# [Task]
Set each record down exactly, excluding all images.

*** Dataset records ***

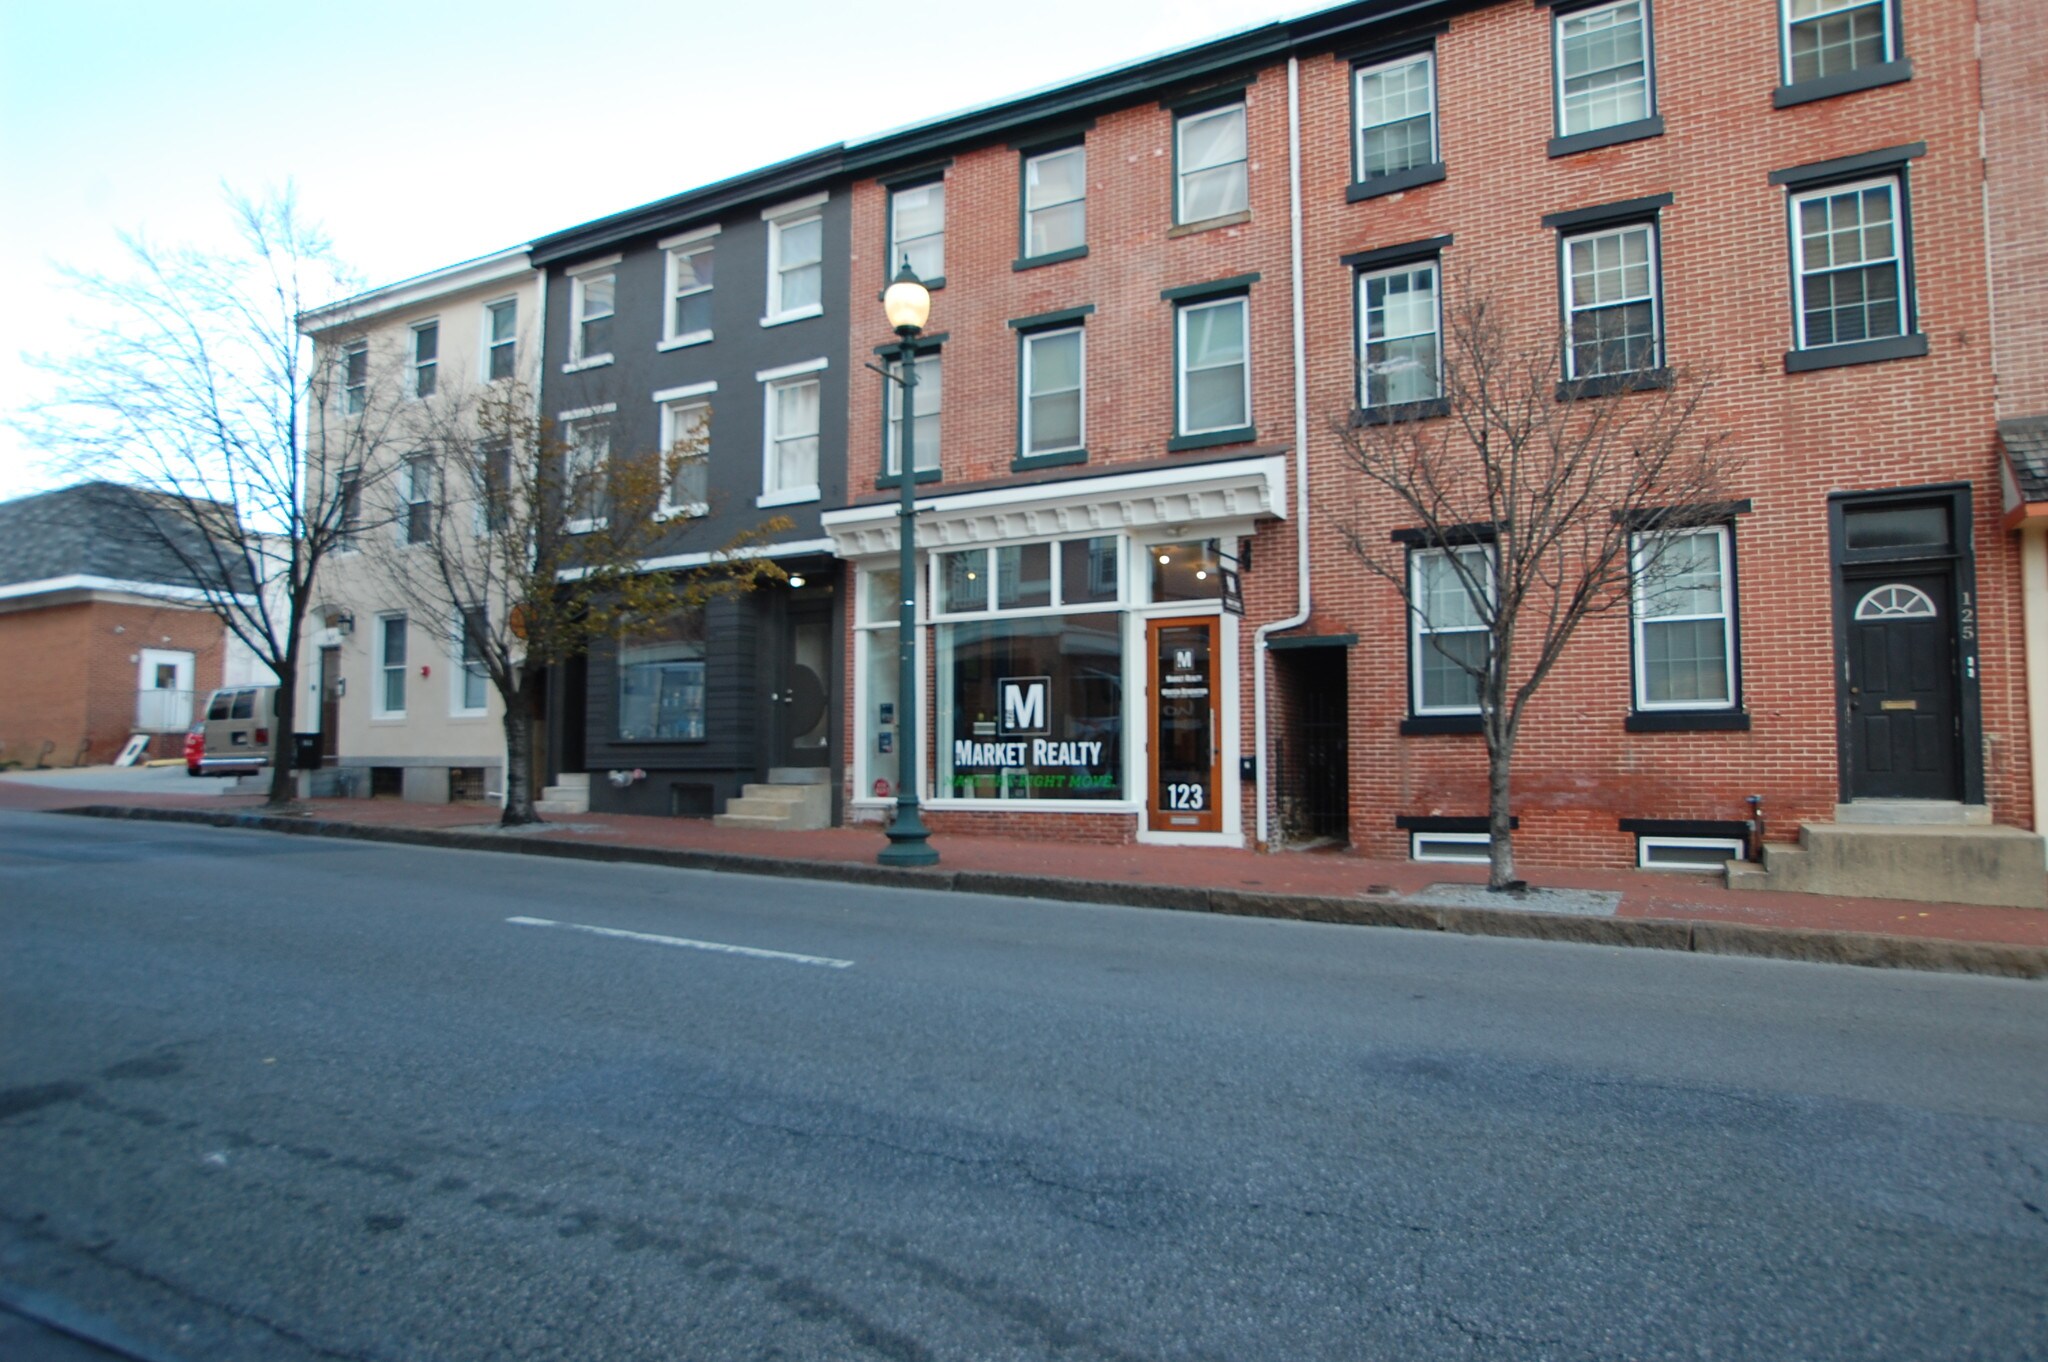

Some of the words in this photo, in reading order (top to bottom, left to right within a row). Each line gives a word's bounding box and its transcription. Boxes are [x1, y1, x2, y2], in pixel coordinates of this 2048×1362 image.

[1961, 591, 1974, 640] 125
[1177, 651, 1192, 668] M
[1005, 683, 1044, 729] M
[955, 740, 1028, 766] MARKET
[1033, 738, 1102, 766] REALTY
[1168, 783, 1203, 809] 123

*** End of Dataset records ***

# [Result of the exercise]
Some of the words in this photo, in reading order (top to bottom, left to right within a row). Each line gives a word's bounding box and its transcription. Boxes are [x1, y1, x2, y2], in pixel coordinates of this 2048×1362 image.

[1961, 591, 1974, 640] 125
[1177, 651, 1192, 668] M
[1005, 683, 1044, 729] M
[955, 740, 1028, 766] MARKET
[1033, 738, 1102, 766] REALTY
[1168, 783, 1203, 809] 123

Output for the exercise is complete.